Human iPSCs were first described in 1998 by Professor James Thomson at the renowned University of Wisconsin-Madison. Professor Thomson and his colleague and Cynata Co-Founder Professor Igor Slukvin are the inventors behind Cynata’s technology, which draws on this capacity of iPSCs as the starting material to create a consistent and reproducible finished therapeutic mesenchymal stem cell (MSC) product.

Because MSCs do not express the particular markers that identify our own tissues from donor derived tissues, cell therapy with MSCs does not require donor matching, allowing for an “off the shelf” product.

Looking to Japan

“Japan has one of the oldest populations in the world, so the Japanese interest in regenerative medicine is very strong,” Macdonald says. “They understand you can reduce these ballooning healthcare costs substantially if chronic, degenerative and age-related conditions like heart disease, osteoarthritis and Parkinson’s can be stopped in their tracks.”

Japanese multinational Fujifilm may be known historically as a photographic products company, but in more recent years they have become renowned for their growing business in healthcare, particularly regenerative medicine.

“Fujifilm have their own research and development departments but like many big pharmaceutical companies, [they] look to smaller, innovative, agile companies to find new technologies,” Macdonald explains. “We don’t plan to develop our own tech fully for every potential application as the cost is incredibly high, so our relationship with Fujifilm is strategically important for us.”

In 2015, Fujifilm acquired Cellular Dynamics International, a biotech company founded by Thomson in 2004 and the ‘sister’ company of Cynata.
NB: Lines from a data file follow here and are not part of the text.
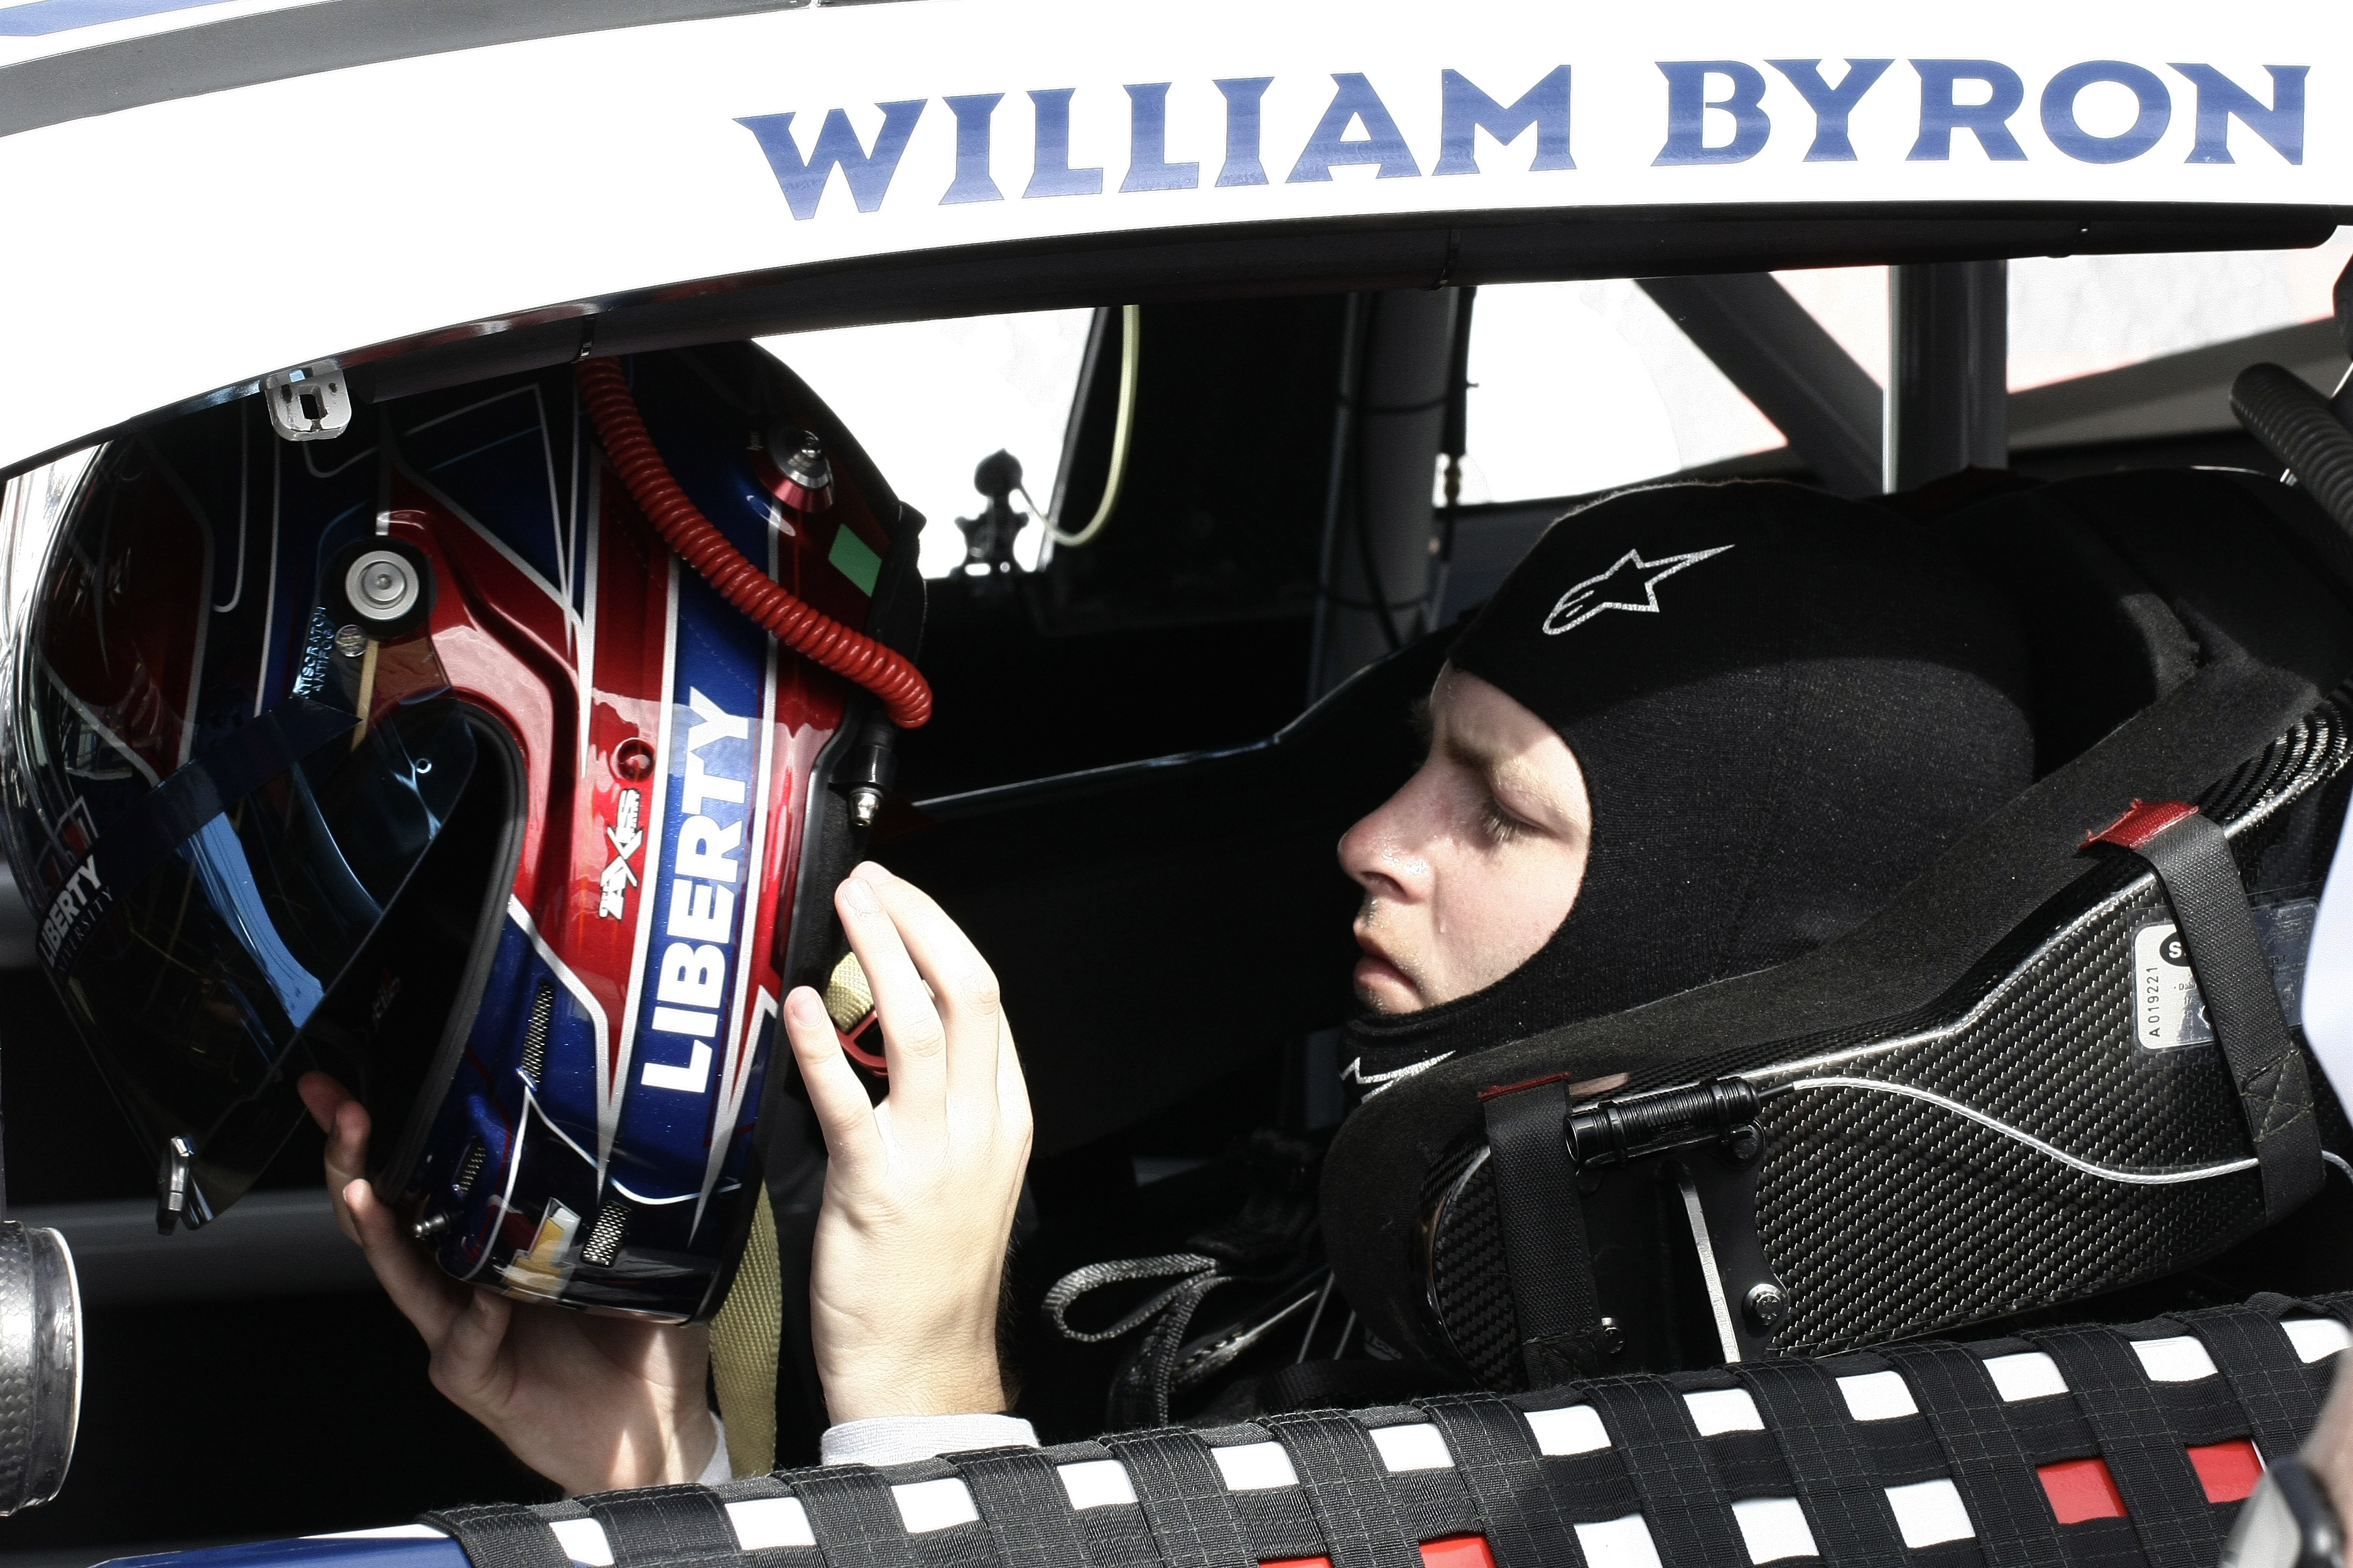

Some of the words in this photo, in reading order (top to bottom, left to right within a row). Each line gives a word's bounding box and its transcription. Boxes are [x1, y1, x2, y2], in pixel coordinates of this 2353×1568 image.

[732, 65, 1577, 221] WILLIAM
[1651, 58, 2312, 166] BYRON
[38, 853, 102, 968] LIBERTY
[641, 686, 751, 1093] LIBERTY
[2146, 966, 2161, 1037] A019221
Cynata approached Fujifilm and, in January 2017, Fujifilm purchased a 9 per cent stake in Cynata, along with the option to take an exclusive licence to manufacture and market CYP-001 worldwide. Under the agreement, Fujifilm will pay Cynata up to an additional $60m, plus royalties on product sales, as well as fund the further development of CYP-001.

“In Fujifilm, Cynata now has a company with global resources in healthcare which can quickly and effectively develop technology and bring it to clinical trial and to market,” Macdonald says. “This technology will reach people. That is the most important thing.”